**What is required:**
Return each record unchanged and drop the images.

═══ Material provided

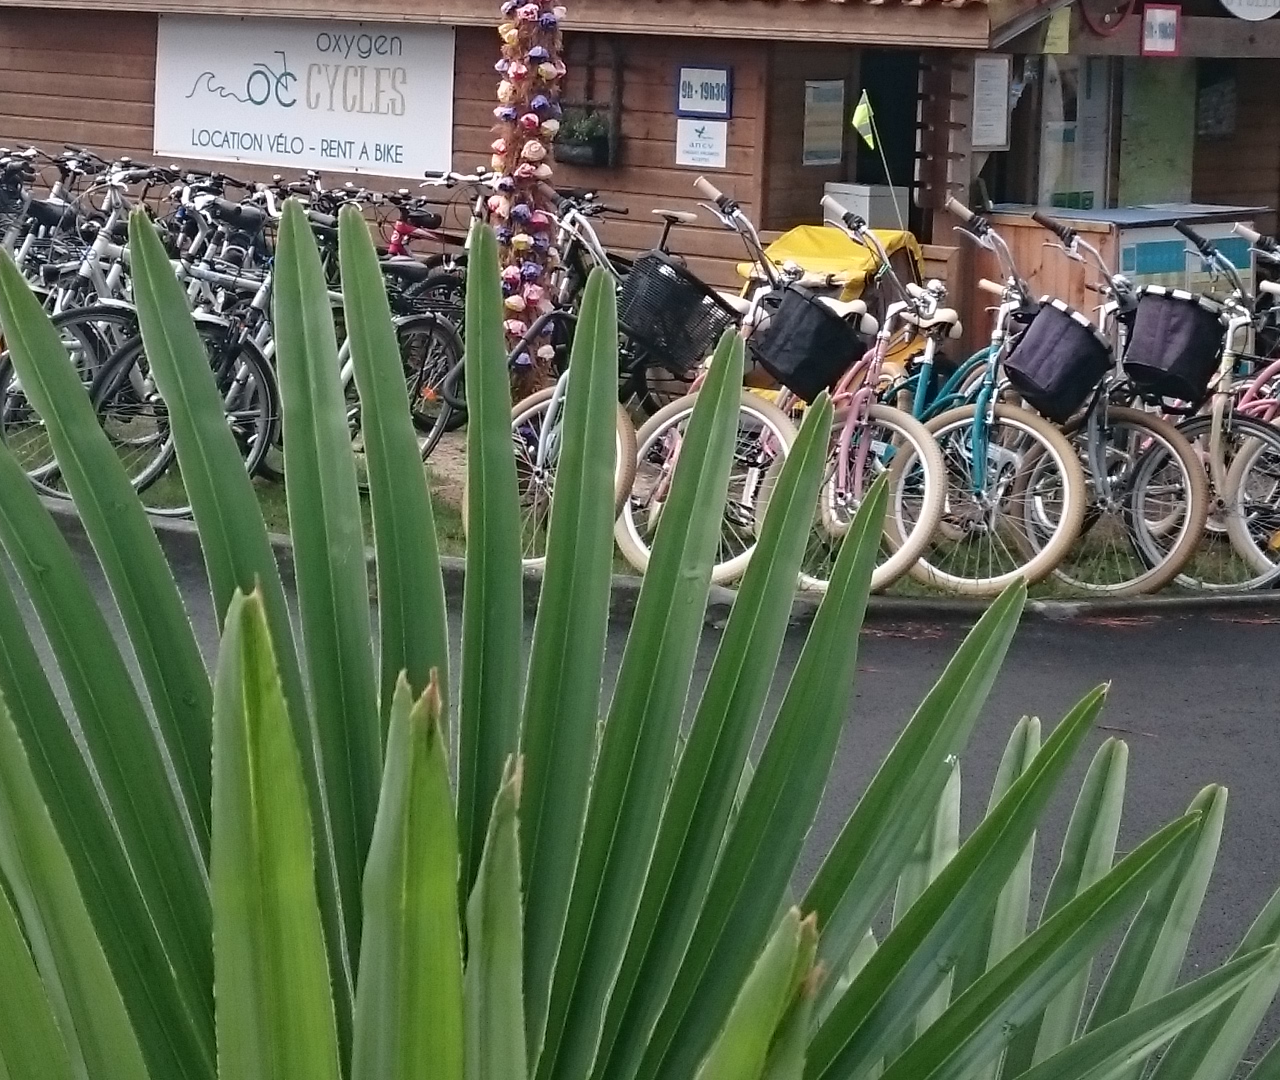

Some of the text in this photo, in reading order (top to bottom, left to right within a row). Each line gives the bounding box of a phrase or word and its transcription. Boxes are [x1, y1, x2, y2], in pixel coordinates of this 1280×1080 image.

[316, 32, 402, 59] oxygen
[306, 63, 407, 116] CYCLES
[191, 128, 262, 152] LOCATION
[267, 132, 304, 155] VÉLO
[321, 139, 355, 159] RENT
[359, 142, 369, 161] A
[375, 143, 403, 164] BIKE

══════

**Solution for this task:**
Some of the text in this photo, in reading order (top to bottom, left to right within a row). Each line gives the bounding box of a phrase or word and its transcription. Boxes are [x1, y1, x2, y2], in pixel coordinates of this 1280×1080 image.

[316, 32, 402, 59] oxygen
[306, 63, 407, 116] CYCLES
[191, 128, 262, 152] LOCATION
[267, 132, 304, 155] VÉLO
[321, 139, 355, 159] RENT
[359, 142, 369, 161] A
[375, 143, 403, 164] BIKE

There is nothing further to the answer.